Another thing that surely can be done is to improve hearing tests. Apparently, hearing tests are insufficiently complex—which seems odd in an age when we can do anything with technology.
Most clinicians who manage patients with hearing loss will admit that conventional hearing tests are imperfect, despite the important information they provide. The imperfections in conventional hearing tests are due to the fact that it is a simple measure that is trying to quantify a complex process. For example, hearing tests present simple tones and words, but hearing in real-life situations involves sentences, speech, and language, which is much more complicated to hear and would require more complicated testing to evaluate.
We’re not any kind of hearing experts. But we are becoming convinced that, to make the best of the extra thirty years of life that advances in pubic health have given us, we need to be on our game for those thirty years. That means we need to hear. And we can’t allow the people we care about to recede into silence and isolation.
Life is complicated, but if hearing loss can affect life is such serious ways then let’s do what we always do when we see a problem looming. Confront it and solve it.

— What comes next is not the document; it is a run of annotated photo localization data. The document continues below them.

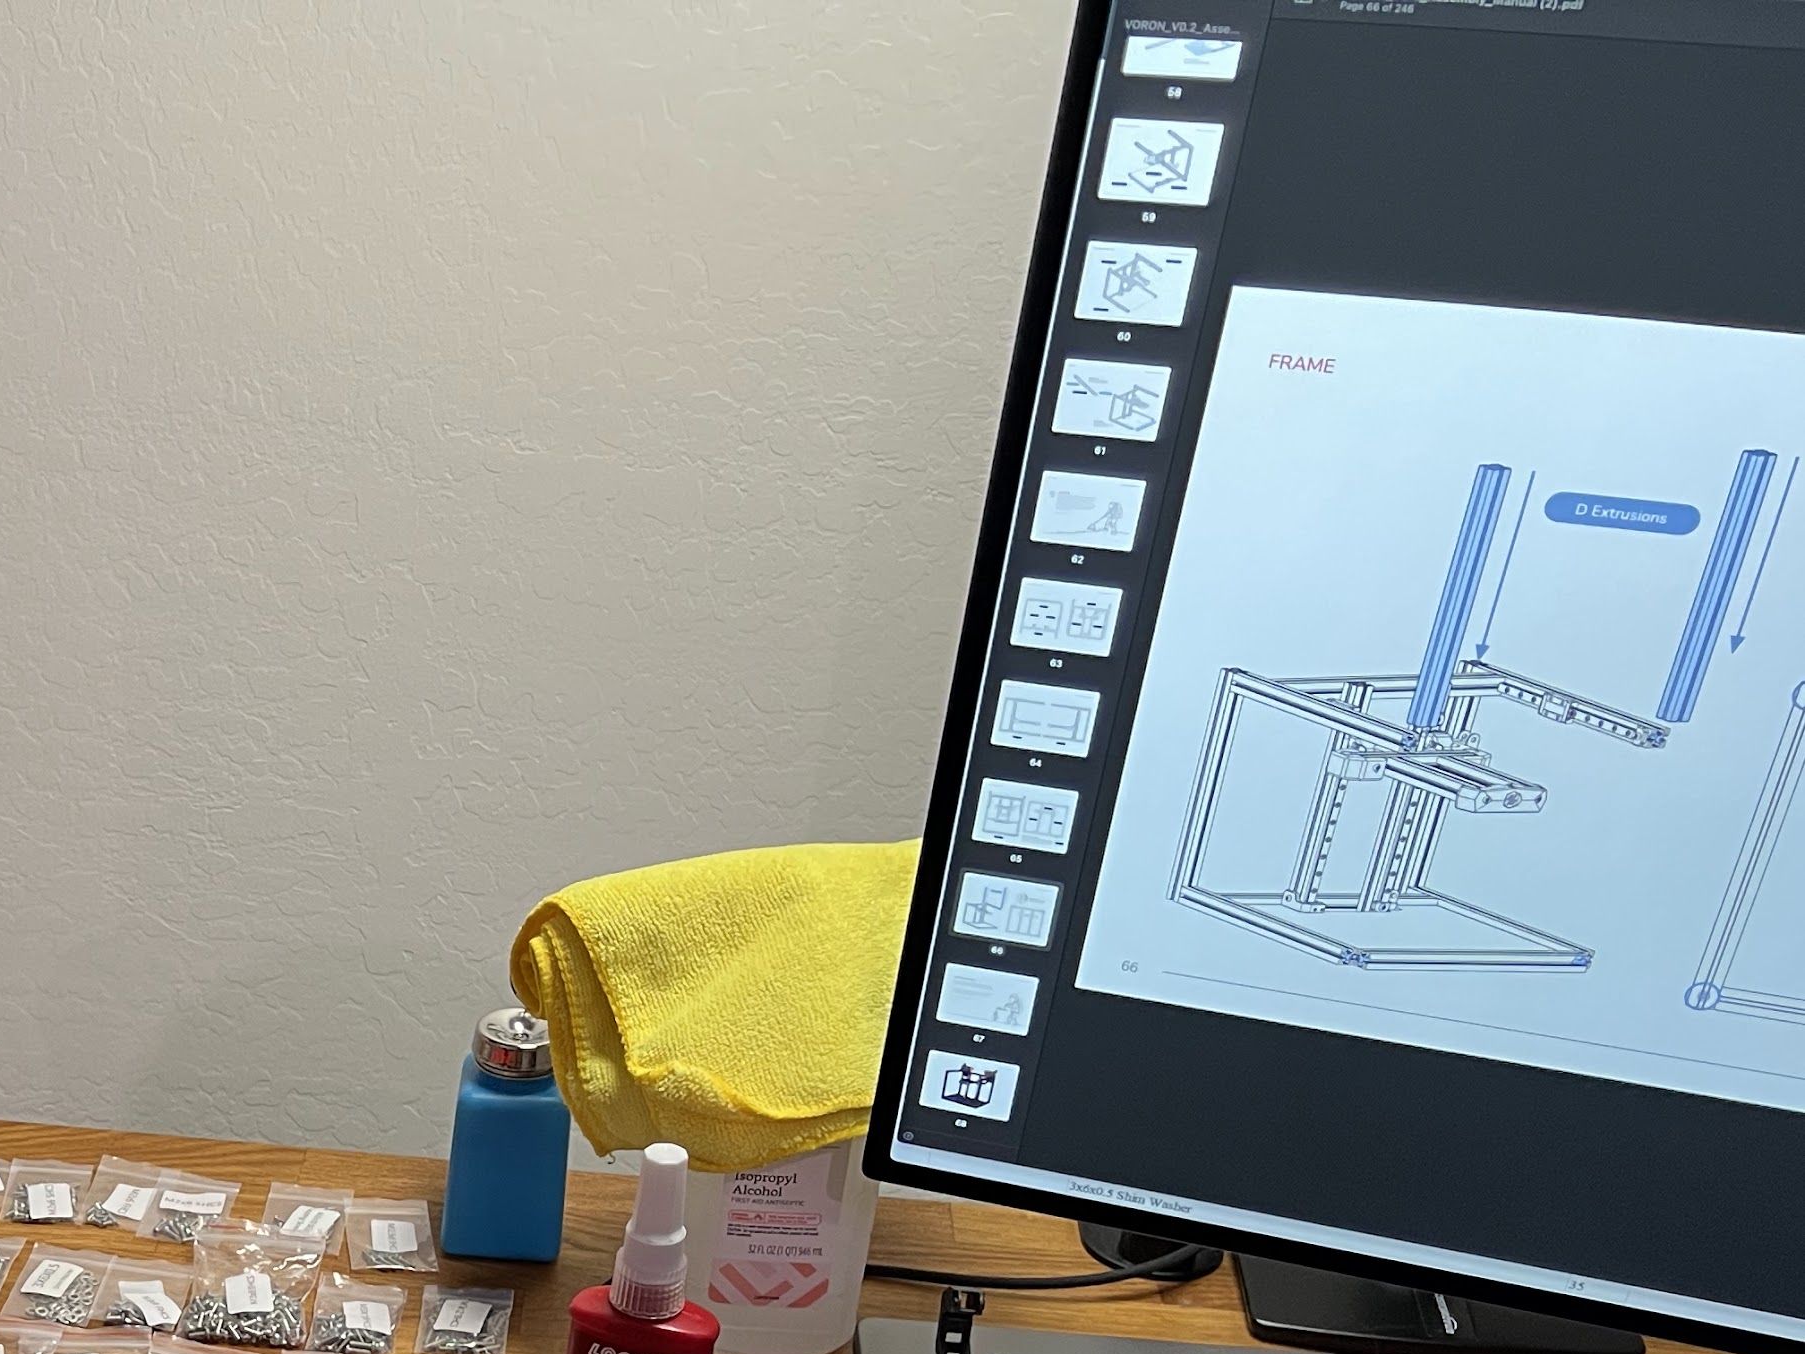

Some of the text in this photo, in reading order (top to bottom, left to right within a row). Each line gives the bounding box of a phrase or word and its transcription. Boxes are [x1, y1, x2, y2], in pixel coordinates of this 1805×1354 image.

[1340, 1, 1363, 12] Page
[1366, 2, 1380, 12] 66
[1382, 3, 1393, 12] of
[1116, 331, 1132, 342] 60
[1268, 353, 1337, 374] FRAME
[1093, 446, 1107, 456] 61
[1575, 503, 1668, 524] D Extrusions
[1071, 554, 1085, 565] 62
[1049, 658, 1063, 669] 63
[1029, 758, 1042, 768] 64
[1009, 853, 1023, 864] 65
[1121, 959, 1139, 973] 66
[735, 1171, 797, 1186] Isopropyl
[732, 1185, 783, 1197] Alcohol
[1069, 1181, 1193, 1214] 3x6x0.5 Shim Washer
[1568, 1281, 1585, 1291] 35

After seeing my mother, grandmother and mother in law suffer the consequences of hearing loss I committed to using hearing aids in my early 60’s.

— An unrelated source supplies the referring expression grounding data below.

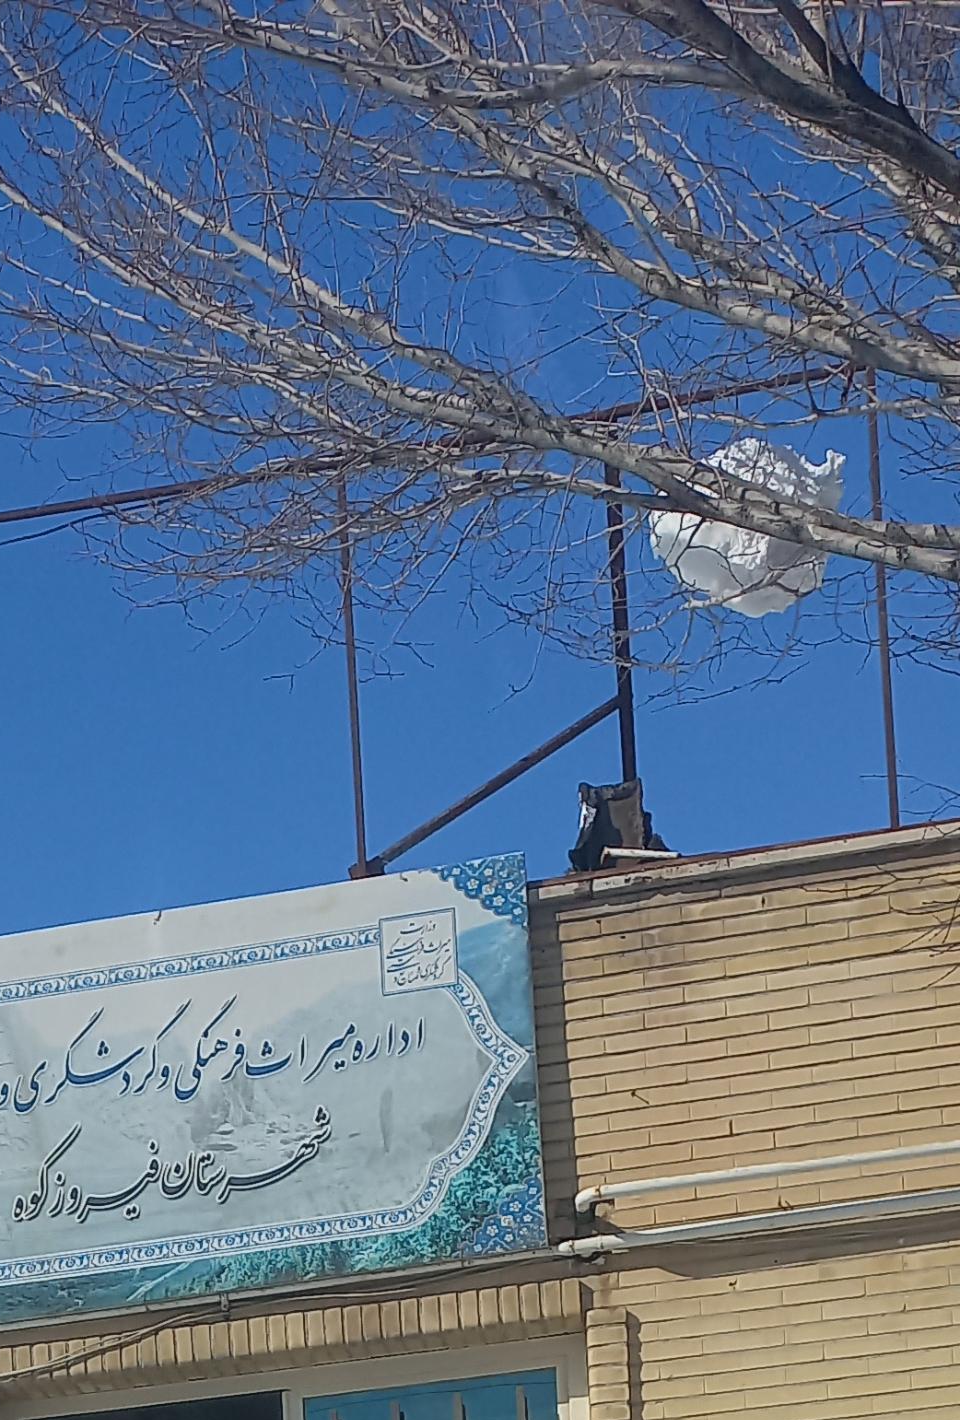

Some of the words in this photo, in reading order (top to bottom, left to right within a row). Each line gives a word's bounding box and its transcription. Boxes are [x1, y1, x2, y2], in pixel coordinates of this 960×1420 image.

[13, 998, 193, 1113] گردشگری
[174, 994, 246, 1101] فرهنگی
[245, 1022, 357, 1083] میراث
[351, 1016, 424, 1063] اداره
[160, 1105, 331, 1203] شهرستان

I couldn’t agree more with this article. I noticed difficulty hearing in my late fifties. When it finally affected my work I got tested and subsequently received aids. My hearing loss is probably genetic and I would agree hearing aids can be a pain. But when I forget to put them in and I am out in the world, I see what a gift they have been. Get them! You won’t regret it!
I wholeheartedly agree with this article. I had noticed for a long time that my husbands hearing was really declining, which of course, he denied. The only way I could convince him to get it tested was to go along and have mine checked as well. I knew that I wasn’t hearing as well as I should either. We have since gotten our hearing aids and I am so happy with that decision. I didn’t realize how much I wasn’t hearing. He’s still a work in progress. I have to remind him daily about putting the aids in.

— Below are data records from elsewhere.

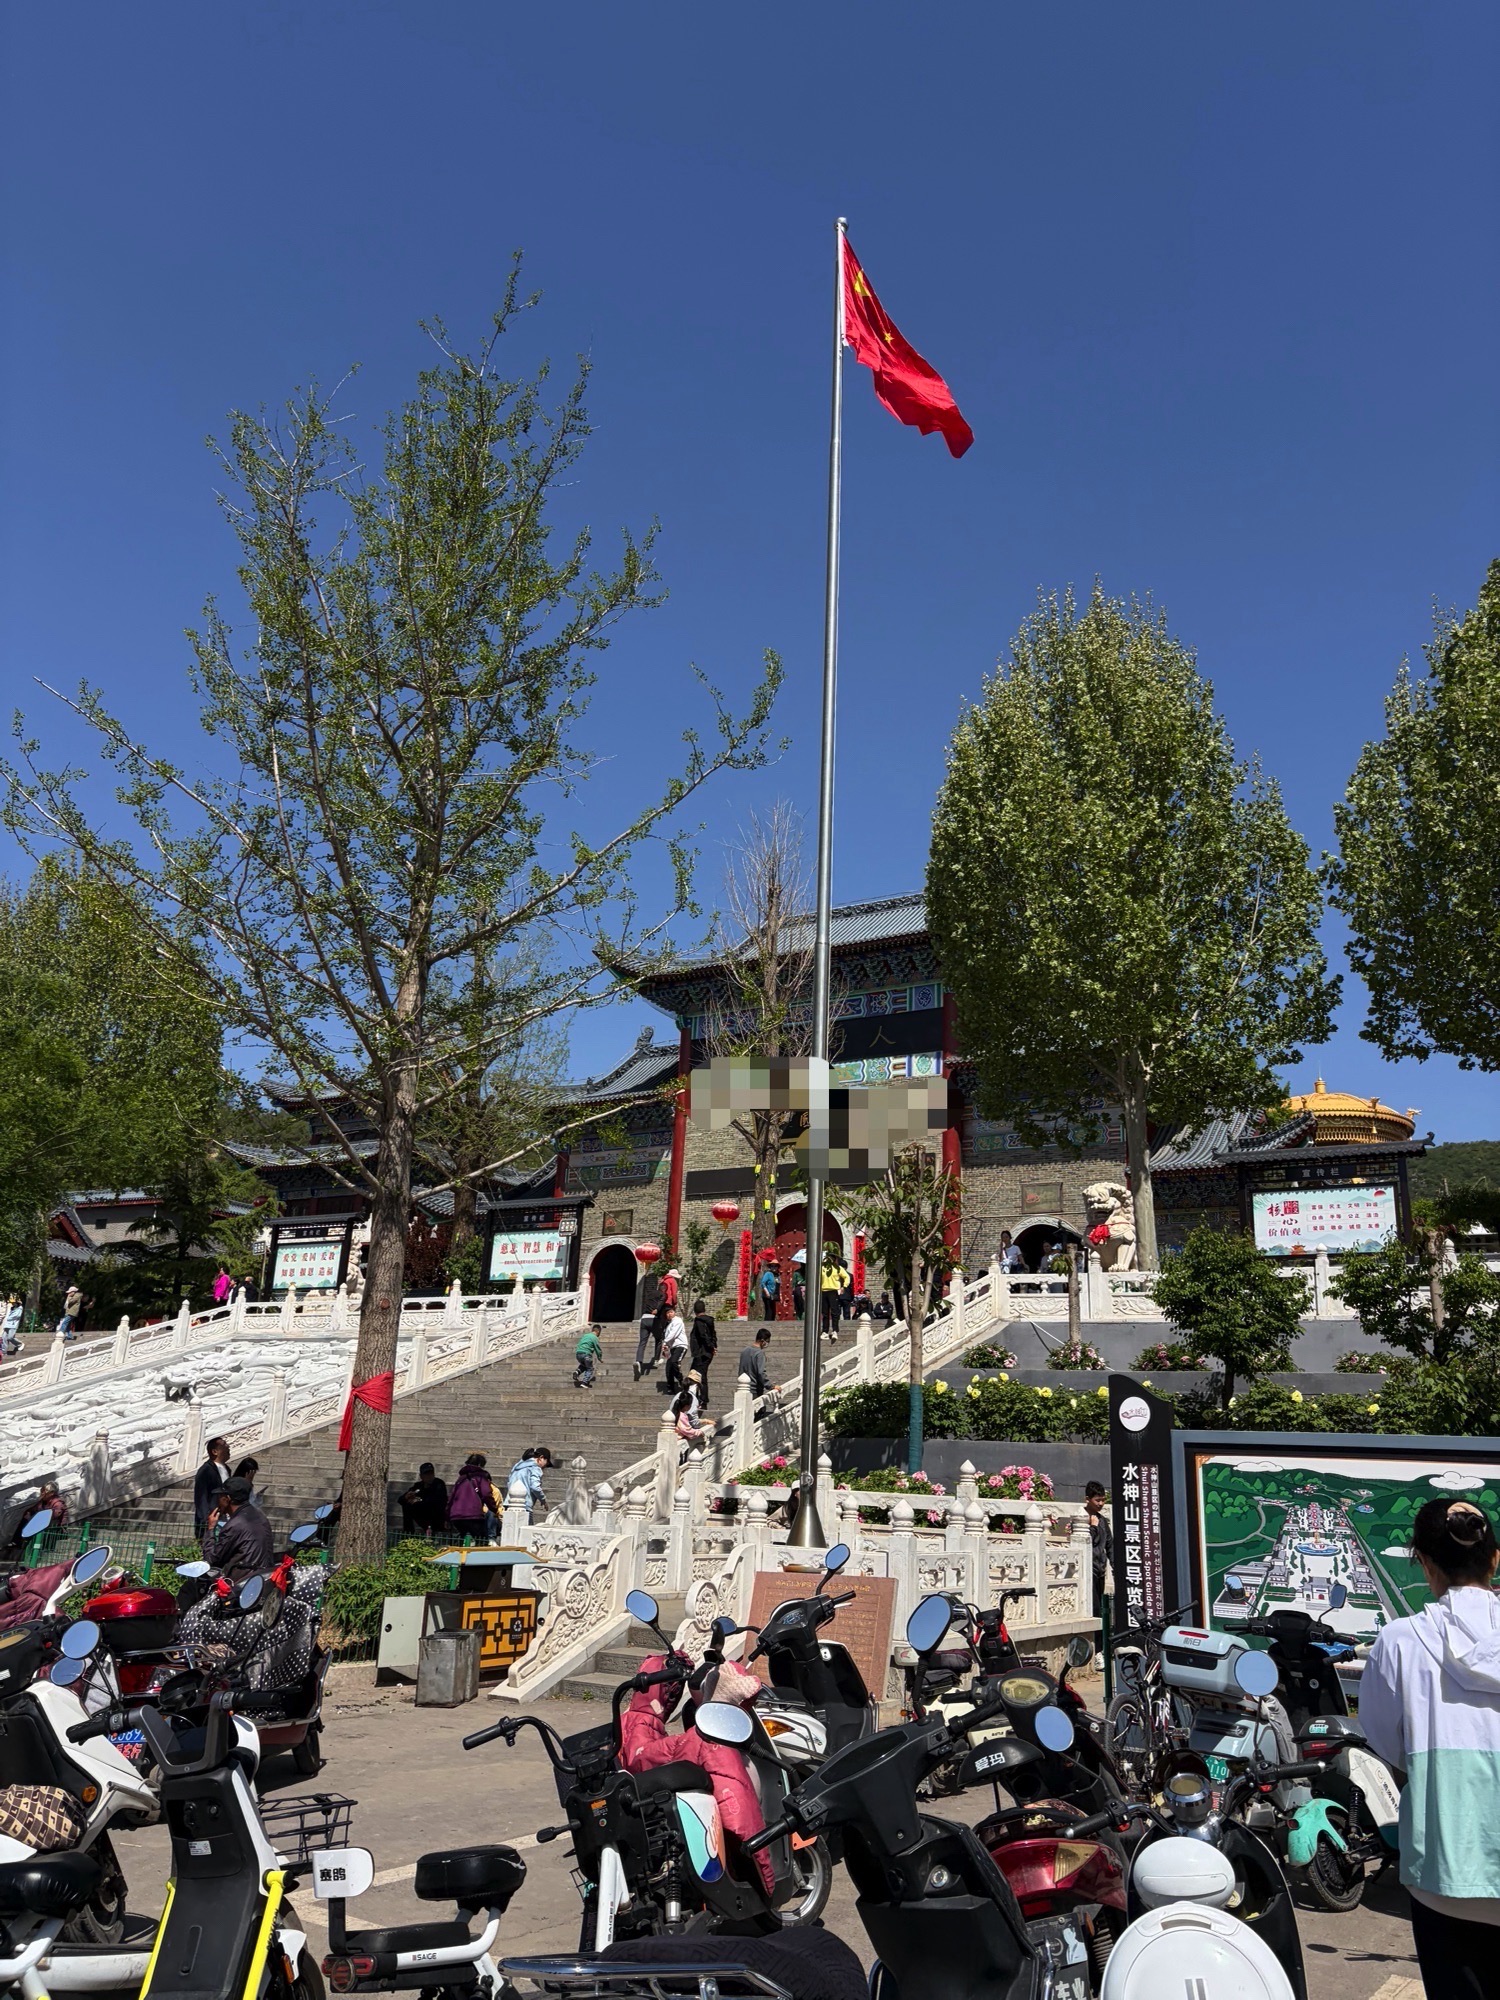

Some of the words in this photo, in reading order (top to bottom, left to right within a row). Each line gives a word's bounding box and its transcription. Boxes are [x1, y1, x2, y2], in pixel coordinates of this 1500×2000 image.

[1302, 1167, 1340, 1178] 宣传栏
[1141, 1466, 1149, 1485] Shui
[1142, 1486, 1150, 1507] Shen
[1143, 1530, 1152, 1558] Scenic
[1144, 1561, 1152, 1580] Spot
[1145, 1582, 1154, 1607] Guide
[1183, 1637, 1202, 1647] 新日
[974, 1751, 1006, 1773] 爱玛
[320, 1867, 347, 1882] 赛鸽

By the way, they are very discreet. Someone would have to really look closely to see that you’re wearing hearing aids. It’s so worth it!!
The book "Volume Control" by David Owen is an essential read on hearing and hearing loss. This article would have been more useful to some readers if it noted how we can protect our hearing better, such as using earplugs when drying your hair/running your Vitamix/going to concerts. Each amplified sound kills some hearing cells, and those cells in humans do not heal. Also a diet rich in vegetables, berries and fruits that improves endothelial function (oxygen transfer to cells) is thought to help protect all cells, including hearing cells.
Thank you for this article. My husband has a significant hearing loss, which has definitely led to social isolation and loss of connection with friends. He is now wearing hearing aids and experiences a huge improvement in his desire to engage in life. In social settings (especially dinner with others in a restaurant) he still needs my support to help him understand the context of some conversations. He misses a lot when people talk over each other. Hearing aids are a helpful tool, but he also needs to be aware of where he sits at a table so his best ear is positioned to hear conversations. There are many other lifestyle shifts needed when adjusting to life with a hearing disability.